What you need to do:
Output all of the entries below precisely as written.

Dataset records:

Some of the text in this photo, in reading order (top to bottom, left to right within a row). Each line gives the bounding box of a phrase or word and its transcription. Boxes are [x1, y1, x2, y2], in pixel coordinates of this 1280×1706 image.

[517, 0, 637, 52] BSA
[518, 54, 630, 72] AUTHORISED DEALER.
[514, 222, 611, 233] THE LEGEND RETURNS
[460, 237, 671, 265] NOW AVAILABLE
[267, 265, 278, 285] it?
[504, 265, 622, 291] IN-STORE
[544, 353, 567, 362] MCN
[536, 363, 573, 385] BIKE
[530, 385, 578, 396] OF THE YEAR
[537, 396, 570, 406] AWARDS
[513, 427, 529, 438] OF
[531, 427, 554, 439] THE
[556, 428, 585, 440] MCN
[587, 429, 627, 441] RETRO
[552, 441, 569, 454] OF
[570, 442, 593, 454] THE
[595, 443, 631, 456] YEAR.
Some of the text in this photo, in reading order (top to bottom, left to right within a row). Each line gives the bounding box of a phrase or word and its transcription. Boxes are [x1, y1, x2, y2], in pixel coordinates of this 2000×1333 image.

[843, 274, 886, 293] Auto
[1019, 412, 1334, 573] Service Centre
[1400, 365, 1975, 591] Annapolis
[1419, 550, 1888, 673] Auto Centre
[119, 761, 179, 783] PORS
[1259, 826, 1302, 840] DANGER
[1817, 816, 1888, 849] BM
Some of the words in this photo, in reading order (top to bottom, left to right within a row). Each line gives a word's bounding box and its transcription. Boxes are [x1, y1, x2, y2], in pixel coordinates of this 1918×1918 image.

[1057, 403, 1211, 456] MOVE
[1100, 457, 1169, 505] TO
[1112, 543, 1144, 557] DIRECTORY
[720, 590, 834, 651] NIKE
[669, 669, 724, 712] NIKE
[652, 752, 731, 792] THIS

Result:
Some of the text in this photo, in reading order (top to bottom, left to right within a row). Each line gives the bounding box of a phrase or word and its transcription. Boxes are [x1, y1, x2, y2], in pixel coordinates of this 1280×1706 image.

[517, 0, 637, 52] BSA
[518, 54, 630, 72] AUTHORISED DEALER.
[514, 222, 611, 233] THE LEGEND RETURNS
[460, 237, 671, 265] NOW AVAILABLE
[267, 265, 278, 285] it?
[504, 265, 622, 291] IN-STORE
[544, 353, 567, 362] MCN
[536, 363, 573, 385] BIKE
[530, 385, 578, 396] OF THE YEAR
[537, 396, 570, 406] AWARDS
[513, 427, 529, 438] OF
[531, 427, 554, 439] THE
[556, 428, 585, 440] MCN
[587, 429, 627, 441] RETRO
[552, 441, 569, 454] OF
[570, 442, 593, 454] THE
[595, 443, 631, 456] YEAR.
Some of the text in this photo, in reading order (top to bottom, left to right within a row). Each line gives the bounding box of a phrase or word and its transcription. Boxes are [x1, y1, x2, y2], in pixel coordinates of this 2000×1333 image.

[843, 274, 886, 293] Auto
[1019, 412, 1334, 573] Service Centre
[1400, 365, 1975, 591] Annapolis
[1419, 550, 1888, 673] Auto Centre
[119, 761, 179, 783] PORS
[1259, 826, 1302, 840] DANGER
[1817, 816, 1888, 849] BM
Some of the words in this photo, in reading order (top to bottom, left to right within a row). Each line gives a word's bounding box and its transcription. Boxes are [x1, y1, x2, y2], in pixel coordinates of this 1918×1918 image.

[1057, 403, 1211, 456] MOVE
[1100, 457, 1169, 505] TO
[1112, 543, 1144, 557] DIRECTORY
[720, 590, 834, 651] NIKE
[669, 669, 724, 712] NIKE
[652, 752, 731, 792] THIS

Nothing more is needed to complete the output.